肛門科…
この門をくぐるには、かなりの勇気が必要だ。
私がこの登竜門を抜けたのは、高校3年生の夏だった。初めての脱肛。
すでにけっこうな内痔核を育てていたのである。新種の生き物がいるくらいの恐ろしさ。
泌尿器科は中学生のときに体験していたが、ついに肛門科か…と自分の人生をはかなく感じた17歳の夏。恥ずかしいけれど、致し方なかった。
人生で初めての脱肛ですから、どうしていいのかわからないですから、病院に行くしかない。
震えて硬くなる身体。
何が起きるかわからない。
下着を下ろして、タオルをかけていただき、寝台に横たえる。
はじめての触診。
痛い。
でも、戻った。
それから、しばらくは触診を受けることもなく、出たら自分で戻すが通常になっていった。出ているときは痛いが、戻れば痛くない。
それから、25年ほど。
内痔核はさらに進行した。
戻しても痛い。
こうなると、触診が怖い。
触られたくない…
これが私の肛門科を避けたくなる理由だった。
「恥ずかしい」は高校生のときに、すでに捨ててしまっていた。でも、「痛い」のは怖いんだ。

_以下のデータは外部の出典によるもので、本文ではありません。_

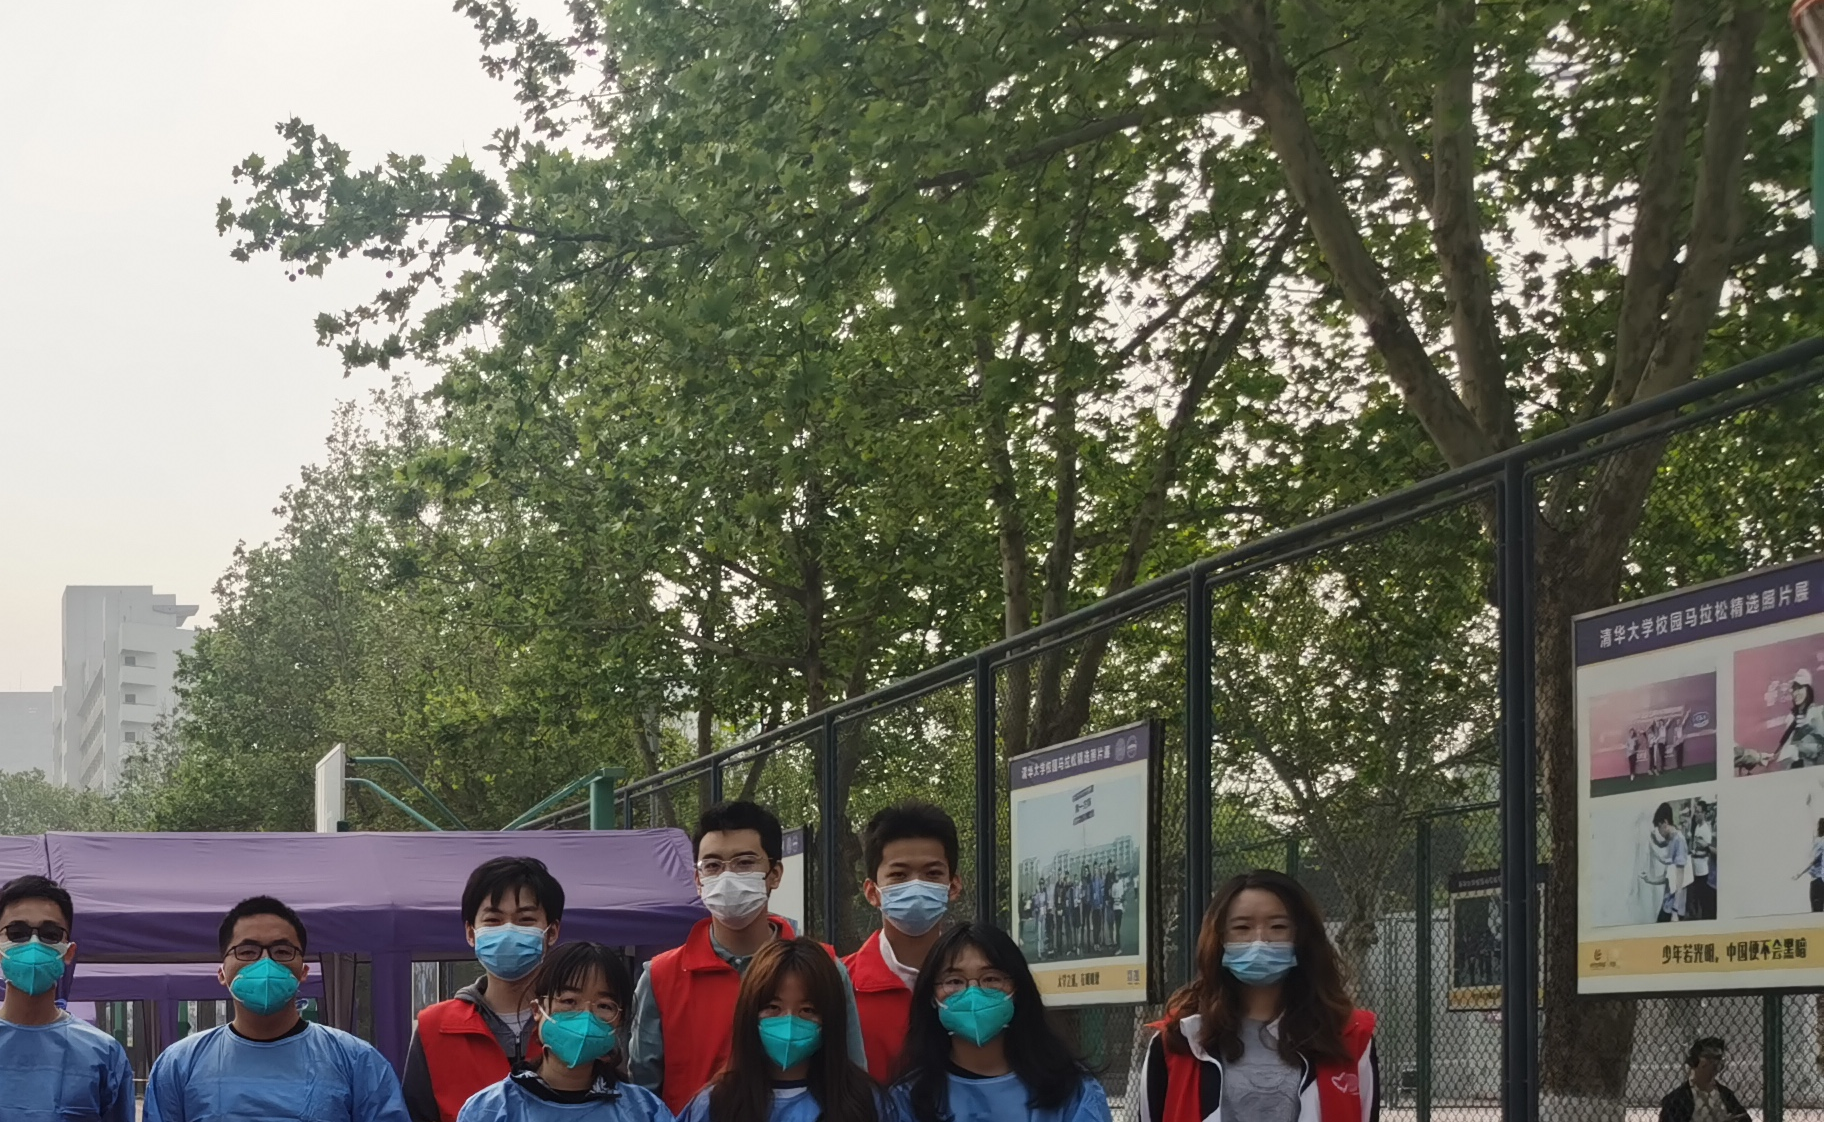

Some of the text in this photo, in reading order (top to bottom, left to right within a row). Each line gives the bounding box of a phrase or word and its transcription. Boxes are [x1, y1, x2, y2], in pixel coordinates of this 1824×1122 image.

だから、「薬で治せる」とか「注射で」とかいう言葉にすがりたくなる。
薬のサンプル取り寄せたし。
注射で手術する病院に予約入れてみたし。
そんなときに、大阪肛門科診療所を見つけた。
薬じゃ治らない?
肛門科って専門医でない肛門科もあるの?
注射の手術は微妙だな…
何より便通をケアしなければならないのか…
怖さを乗り越えていくしかない!
痛くても診察を受けたい!
大阪肛門科診療所を知って、翌朝には予約を入れていた。と同時に、地元の肛門科の予約はお断りした。薬も処分した。
触診は確かに痛いです。
でも、切れ始めくらいのときに気づいてあげれば、そこまでは辛くないかもしれない。
内痔核が育てば、それこそ辛い。
肛門科は「恥ずかしさ」と「怖さ」を越えていった先に光があります。
人知れず悩まずに、この門をくぐってほしい。
便秘や痔はケアすれば、よくなっていく。
肛門は自分では見られない。
普段は見せるところでもない。
だから、何が起きてるかなんて、肛門科の先生に診ていただくしかないのです。
この登竜門を越えていけ。
越えた先は今までいたところより、遥かに広い世界です。